The most important thing children who study music learn is practice.
Children who play an instrument learn to practice. They learn as they
practice they can expect results. They will get better at playing the
instrument and the song if they practice. They learn the direct
correlation between time spent and results. We accept this.
We have
learned this principle through experience. Every one of us expects
to
find a concert musician practices for hours. If you want to do good
in
music you must practice.
How does practicing music relate to math? The child who plays music
has
learned that when he practices he gets better. A child that practices
math gets better at math. The child who has experienced the
relationship between practice and as a result is more likely to try that
approach in other subject areas. Amazingly enough, practice makes
good
math students, just like practice makes good musicians. The child who
practices math gets better at math.
The child who practices counting gets better at counting. A child
who
practices addition, gets better at addition. He feels comfortable
with
his ability to perform addition and has less fear of the addition
problems he has to do. The child who is comfortable with addition
can
subtract because subtraction is addition. Every subtraction problem can
be stated as an addition problem: ___ + 4 = 12 is exactly the same
problem as 12 - 4 = ___. So like the fingers learn which note to play by
repetition, the brain learns which number to use by repetition.
Then, like music, we can build on what we have learned.

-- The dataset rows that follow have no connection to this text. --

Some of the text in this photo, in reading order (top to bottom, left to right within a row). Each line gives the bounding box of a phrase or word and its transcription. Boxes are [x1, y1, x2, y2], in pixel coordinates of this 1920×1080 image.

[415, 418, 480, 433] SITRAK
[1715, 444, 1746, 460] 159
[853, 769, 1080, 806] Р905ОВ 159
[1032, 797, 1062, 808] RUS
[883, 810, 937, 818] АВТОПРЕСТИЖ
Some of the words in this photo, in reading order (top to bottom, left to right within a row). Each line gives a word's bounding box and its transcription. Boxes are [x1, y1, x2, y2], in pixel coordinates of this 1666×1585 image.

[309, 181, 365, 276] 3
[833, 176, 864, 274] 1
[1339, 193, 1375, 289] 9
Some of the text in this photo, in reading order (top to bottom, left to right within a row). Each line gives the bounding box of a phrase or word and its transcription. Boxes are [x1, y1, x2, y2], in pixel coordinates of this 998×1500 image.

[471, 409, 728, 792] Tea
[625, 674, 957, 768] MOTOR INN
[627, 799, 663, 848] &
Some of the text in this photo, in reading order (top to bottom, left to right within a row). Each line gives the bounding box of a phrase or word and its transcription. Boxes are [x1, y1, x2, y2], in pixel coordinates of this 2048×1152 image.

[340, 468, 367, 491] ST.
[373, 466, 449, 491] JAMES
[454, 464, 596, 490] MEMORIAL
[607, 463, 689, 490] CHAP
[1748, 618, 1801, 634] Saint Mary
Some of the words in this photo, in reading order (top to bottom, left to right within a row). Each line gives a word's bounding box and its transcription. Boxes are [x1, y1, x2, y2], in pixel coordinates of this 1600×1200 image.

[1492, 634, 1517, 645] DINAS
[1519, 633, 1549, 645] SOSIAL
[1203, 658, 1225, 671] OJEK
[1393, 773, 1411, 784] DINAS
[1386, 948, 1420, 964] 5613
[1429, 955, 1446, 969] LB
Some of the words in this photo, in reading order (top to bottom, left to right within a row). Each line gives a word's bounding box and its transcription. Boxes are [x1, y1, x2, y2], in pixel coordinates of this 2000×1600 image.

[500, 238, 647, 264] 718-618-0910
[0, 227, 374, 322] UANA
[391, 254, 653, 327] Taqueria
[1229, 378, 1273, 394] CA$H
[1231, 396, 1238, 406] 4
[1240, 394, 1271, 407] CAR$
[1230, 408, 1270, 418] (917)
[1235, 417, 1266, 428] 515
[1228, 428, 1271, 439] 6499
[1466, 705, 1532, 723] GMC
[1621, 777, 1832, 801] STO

We introduce
a
faster addition called multiplication. He can multiply, because it too
is addition. He has mastered addition and with practice he will master
multiplication. And like addition is subtraction, we learn division
is
multiplication. 56 / 7 = ____ is the same problem as ___ * 7 = 56.
The
child who can subtract and multiply can divide with practice.
This shouldn't be a big surprise. The child who reads is better
at
reading. The child who writes is better at writing. The child
who
draws is better at drawing. The child who plays hours and hours of
baseball is better at baseball. And the child who practices math is
better at math. A child who does something many, many times can do
that
something better than a child who does the same thing sporadically or
just once or twice.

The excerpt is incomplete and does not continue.